Researchers in China studied whether acupuncture could help people with knee osteoarthritis, a painful condition where the knee joint gradually deteriorates. They treated 58 patients with knee osteoarthritis using acupuncture at nine specific points on the body, including points around the knee (ST35, EX-LE4, ST36, GB34, SP10, ST34) and other locations like the elbow, ankle, and inner leg. Patients received six acupuncture sessions per week for four weeks, totaling 24 treatments. The study also included 22 healthy people for comparison and analyzed blood samples to understand how acupuncture affects the body's metabolism.

The results were encouraging. After four weeks of treatment, patients experienced significant reductions in both pain levels and improvements in knee function, as measured by standardized questionnaires. Beyond these clinical improvements, researchers discovered that acupuncture changed the levels of specific fats (lipids) in the blood. Before treatment, patients with knee osteoarthritis had abnormal levels of certain lipids compared to healthy people. After acupuncture, many of these lipid levels moved back toward normal ranges.

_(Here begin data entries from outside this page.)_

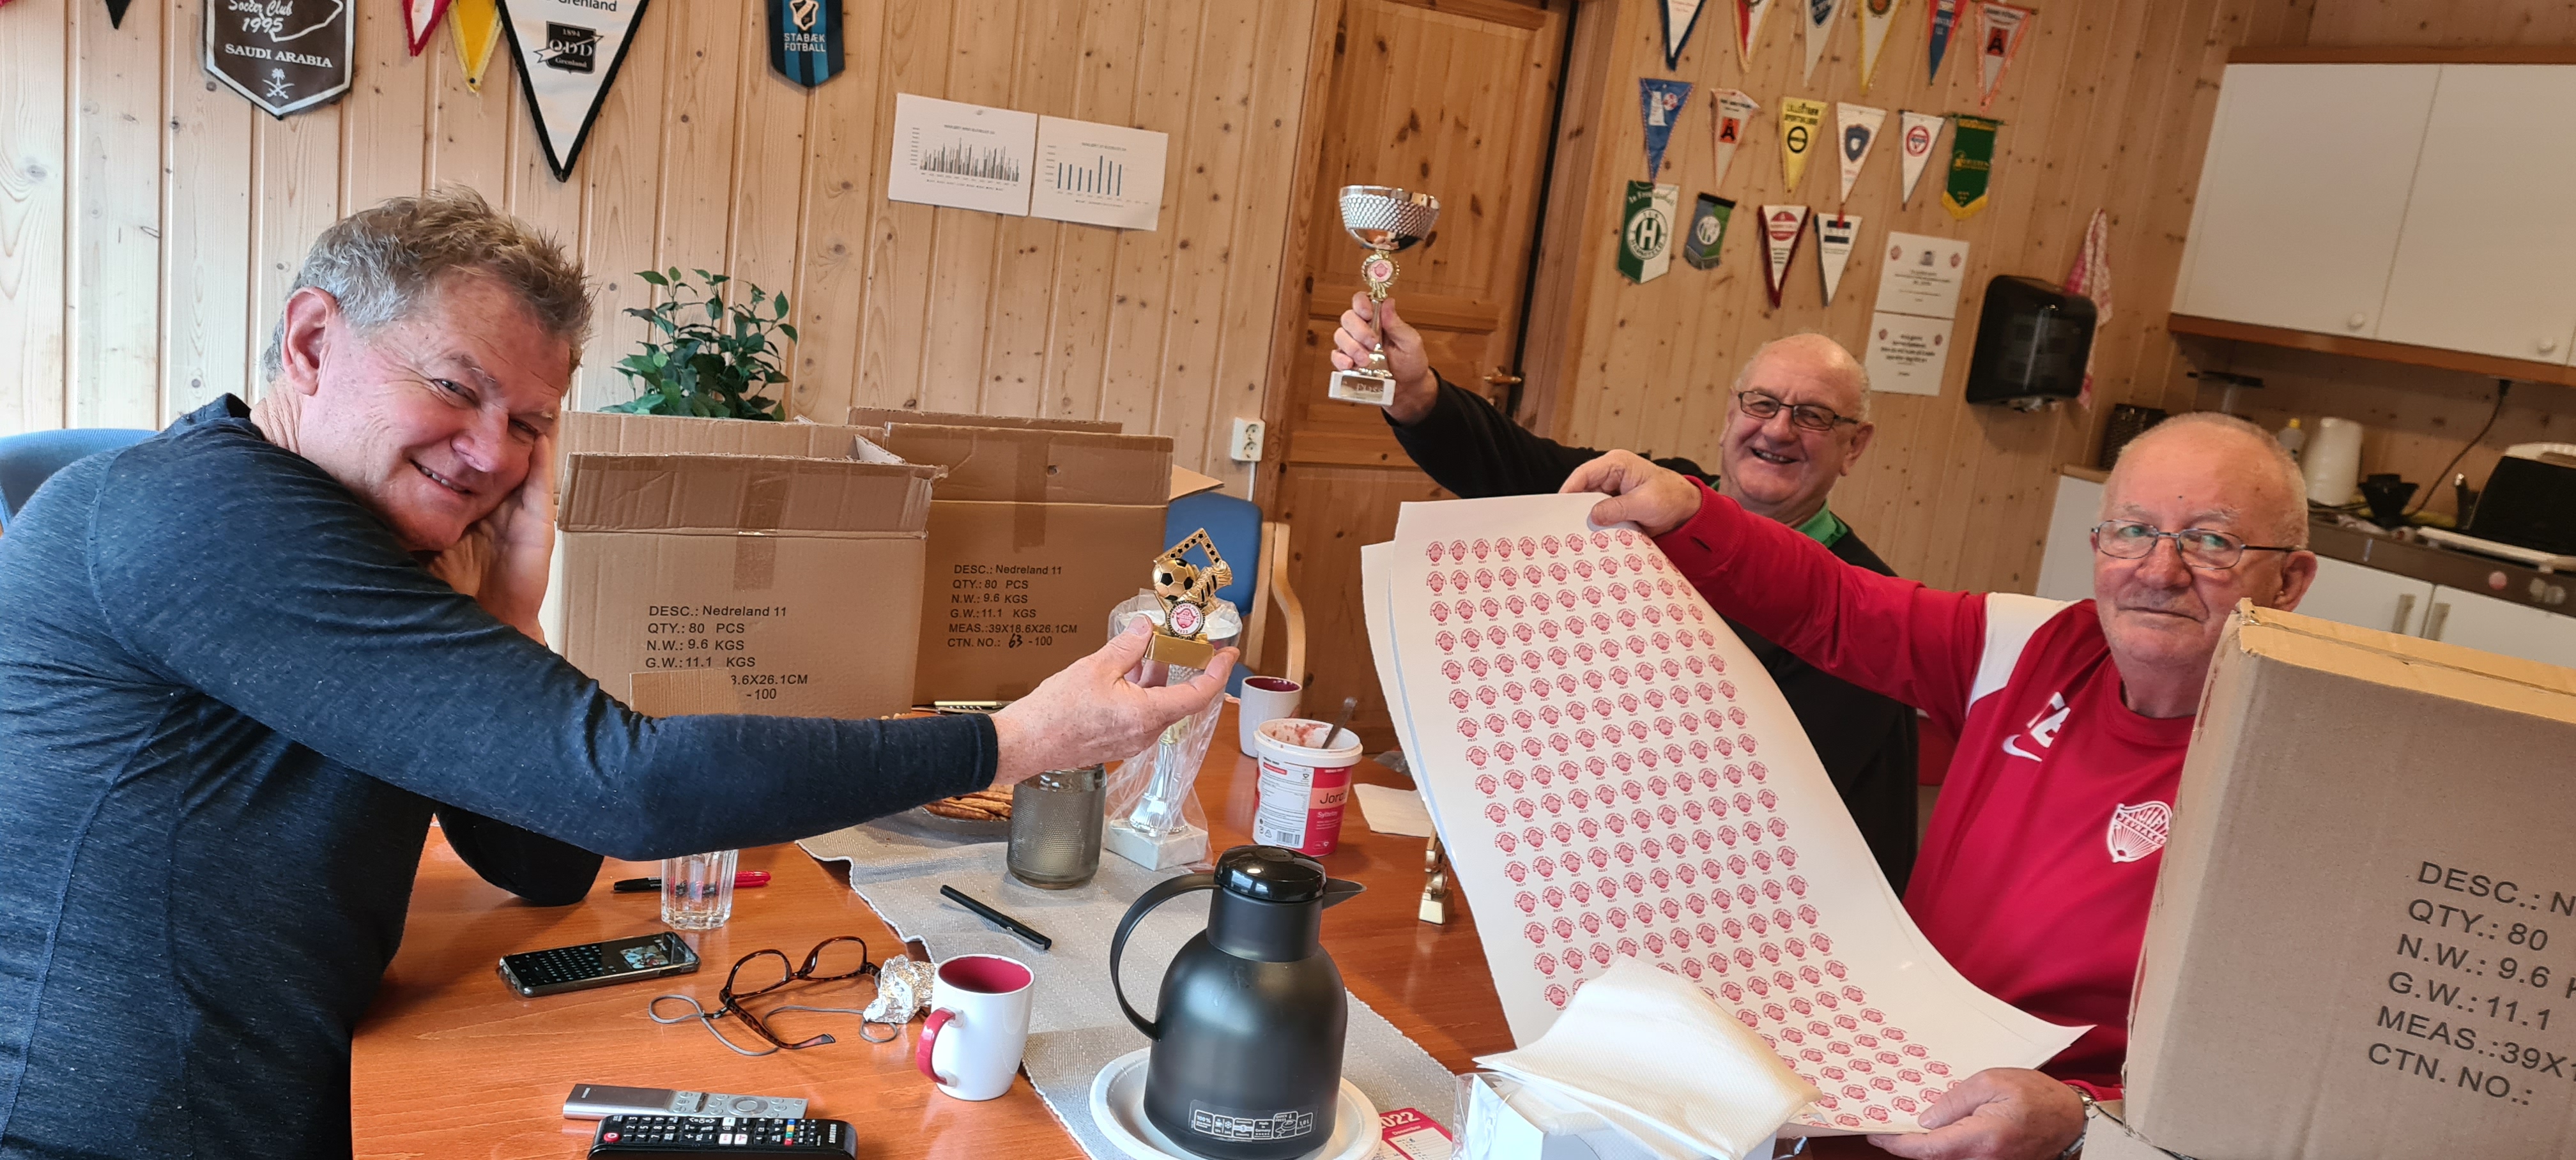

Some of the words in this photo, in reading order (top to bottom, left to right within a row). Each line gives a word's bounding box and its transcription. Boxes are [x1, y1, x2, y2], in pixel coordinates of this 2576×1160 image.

[228, 0, 263, 14] Soccer
[266, 0, 293, 16] Club
[242, 17, 284, 33] 1995
[562, 28, 581, 37] 1894
[784, 33, 825, 43] STABÆK
[785, 42, 826, 52] FOTBALL
[225, 43, 272, 59] SAUDI
[275, 51, 333, 68] ARABIA
[555, 57, 587, 68] Grenland
[954, 565, 992, 574] DESC.:
[995, 564, 1048, 575] Nedreland
[1051, 566, 1062, 575] 11
[953, 579, 981, 589] QTY.:
[985, 579, 997, 589] 80
[1006, 580, 1029, 589] PCS
[951, 594, 979, 604] N.W.:
[983, 593, 999, 602] 9.6
[1004, 595, 1028, 604] KGS
[648, 606, 698, 617] DESC.:
[703, 605, 770, 617] Nedreland
[774, 607, 786, 616] 11
[1013, 609, 1036, 618] KGS
[647, 623, 685, 634] QTY.:
[689, 623, 705, 634] 80
[716, 623, 745, 634] PCS
[646, 640, 683, 652] N.W.:
[688, 639, 708, 650] 9.6
[715, 640, 744, 651] KGS
[726, 657, 756, 668] KGS
[2418, 860, 2540, 911] DESC.:
[2409, 899, 2499, 940] QTY.:
[2508, 922, 2549, 951] 80
[2396, 933, 2486, 975] N.W.:
[2498, 957, 2550, 988] 9.6
[2388, 972, 2477, 1013] G.W.:
[2488, 996, 2551, 1030] 11.1
[1380, 1111, 1421, 1128] 022
[828, 1124, 837, 1143] SAMSUNG

The researchers identified specific lipid molecules that changed with treatment, including phosphatidylethanolamine (PE), lysophosphatidylcholine (LPC), lysophosphatidylethanolamine (LPE), and triglycerides (TG). These changes suggest that acupuncture may work by reducing inflammation and restoring metabolic balance in the body, not just by providing temporary pain relief. This study adds scientific evidence supporting acupuncture as an effective treatment for knee osteoarthritis, showing measurable improvements in both symptoms and underlying metabolic processes. If you're considering acupuncture for knee osteoarthritis, seek treatment from a licensed acupuncturist trained in traditional point selection.

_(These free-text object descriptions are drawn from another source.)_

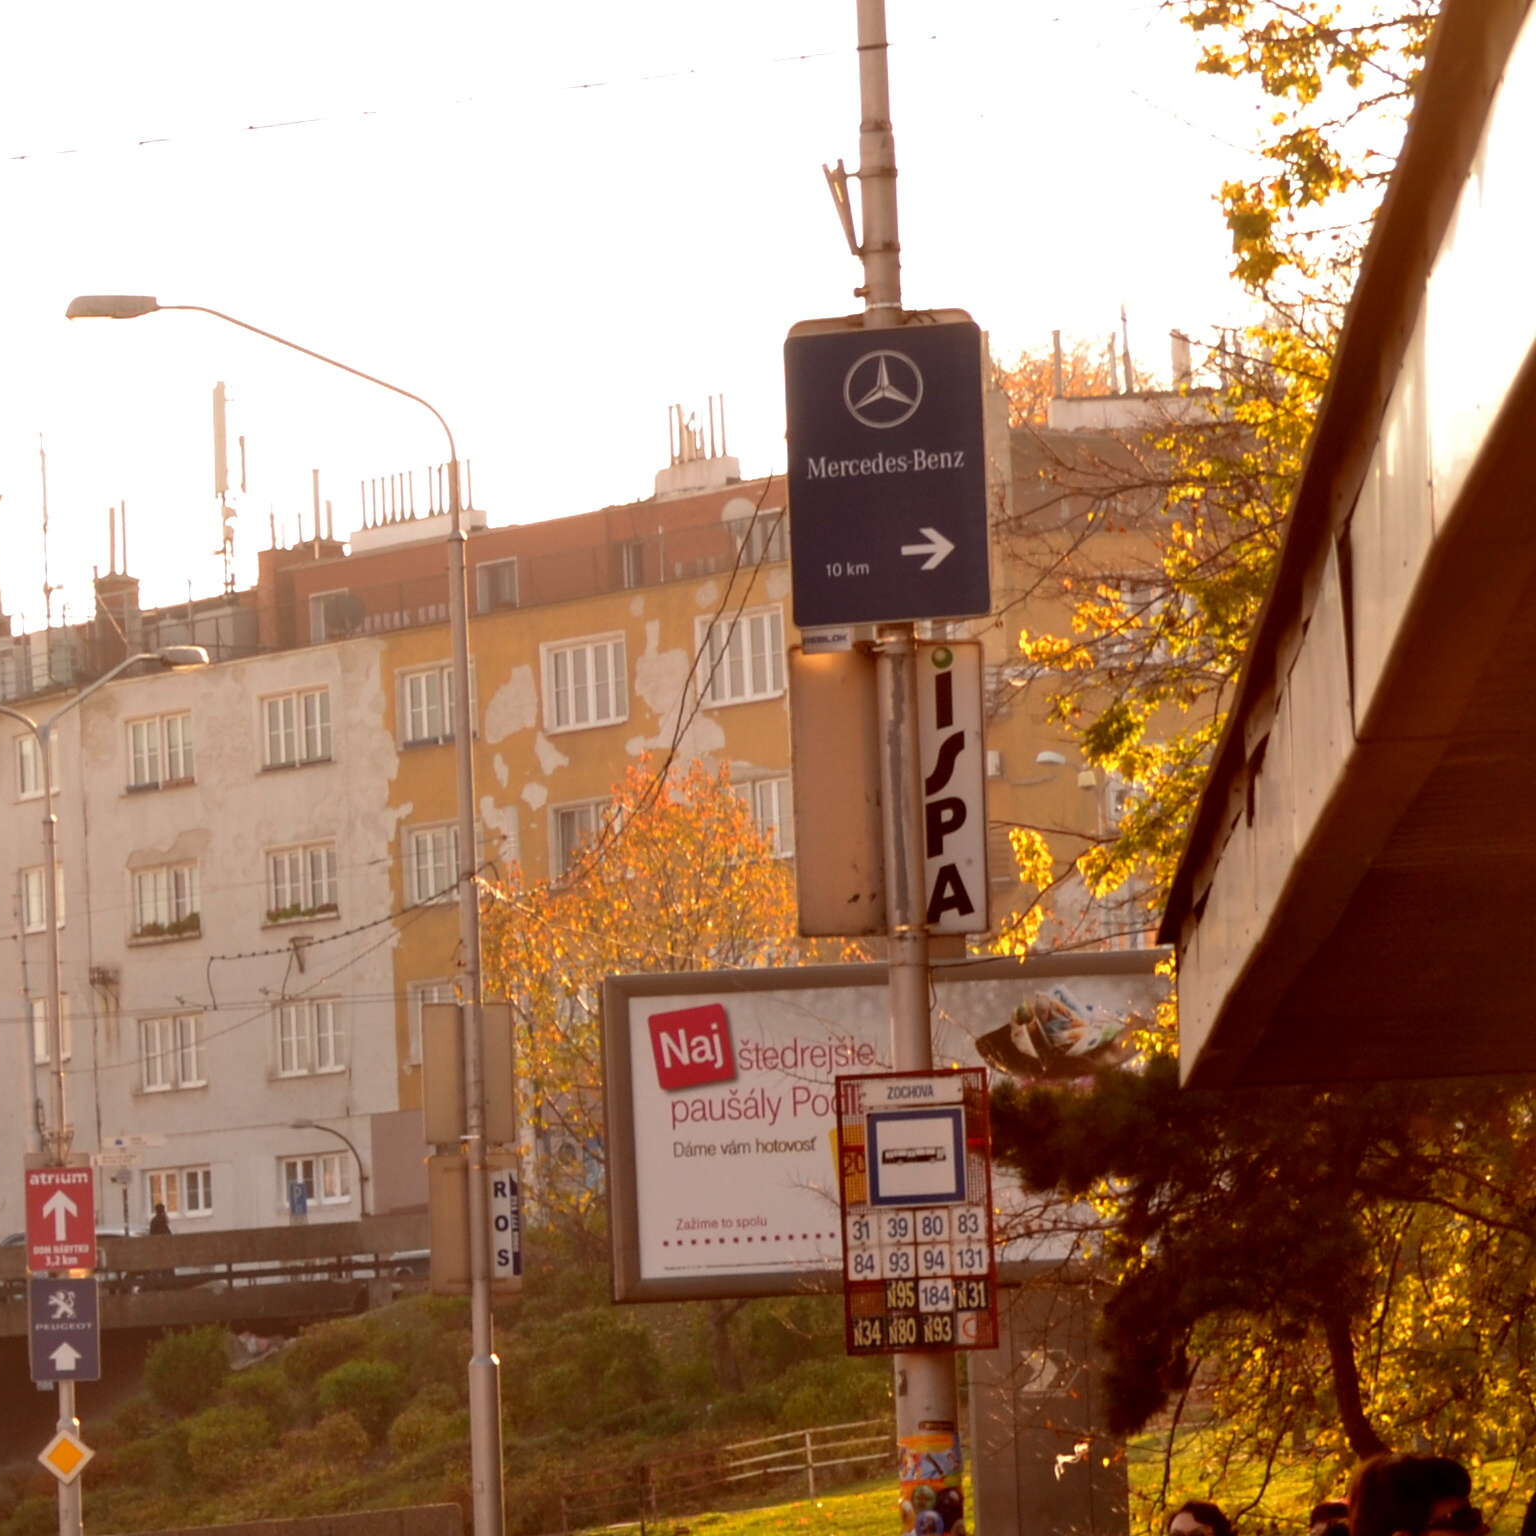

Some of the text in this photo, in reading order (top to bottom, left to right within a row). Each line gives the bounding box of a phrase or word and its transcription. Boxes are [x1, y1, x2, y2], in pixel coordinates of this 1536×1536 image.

[807, 449, 965, 480] Mercedes-Benz
[826, 562, 870, 577] 10 km
[659, 1022, 875, 1074] Naj štedrejšie
[887, 1085, 934, 1100] ZOCHOVA
[671, 1087, 782, 1130] paušály
[673, 1136, 818, 1158] Dáme vám hotovosť
[29, 1172, 88, 1185] atrium
[676, 1215, 768, 1231] Zažime to spolu
[852, 1213, 979, 1241] 31 39 80 83
[62, 1255, 78, 1265] km
[854, 1254, 875, 1274] 84
[889, 1252, 910, 1273] 93
[923, 1250, 945, 1270] 94
[957, 1249, 983, 1269] 131
[887, 1281, 986, 1308] N95 184 N31
[35, 1322, 92, 1331] PEUGEOT
[854, 1316, 952, 1347] N34 N80 N93

Clinical Notes for Practitioners

This prospective observational cohort study (n=58 KOA patients, 22 healthy controls) evaluated acupuncture's clinical efficacy and metabolic effects via serum lipidomics using LC-MS/MS. Patients received standardized point prescription (ST35, EX-LE4, ST36, GB34, SP10, ST34, contralateral LI11, KI3, SP6) six sessions weekly for four weeks. Post-treatment, WOMAC and VAS scores decreased significantly (P<0.05). Lipidomics identified 538 differential metabolites between KOA patients and controls, with autophagy and glycerolipid metabolism pathways predominant. Following acupuncture, 218 metabolites changed, including PE (20:1_18:1), LPC (16:0/0:0), and LPE (0:0/18:0), associated with neuroactive ligand-receptor interaction and glycerophospholipid metabolism pathways. Notably, 68 lipids demonstrated reversed trends post-treatment. Key lipid classes affected included phosphatidylethanolamine, lysophosphatidylcholine, lysophosphatidylethanolamine, and triglycerides. Clinical takeaway: Acupuncture provides significant symptomatic relief in KOA while modulating serum lipid metabolism, suggesting dual mechanisms of anti-inflammatory action and metabolic restoration that may explain sustained therapeutic benefits beyond immediate analgesic effects.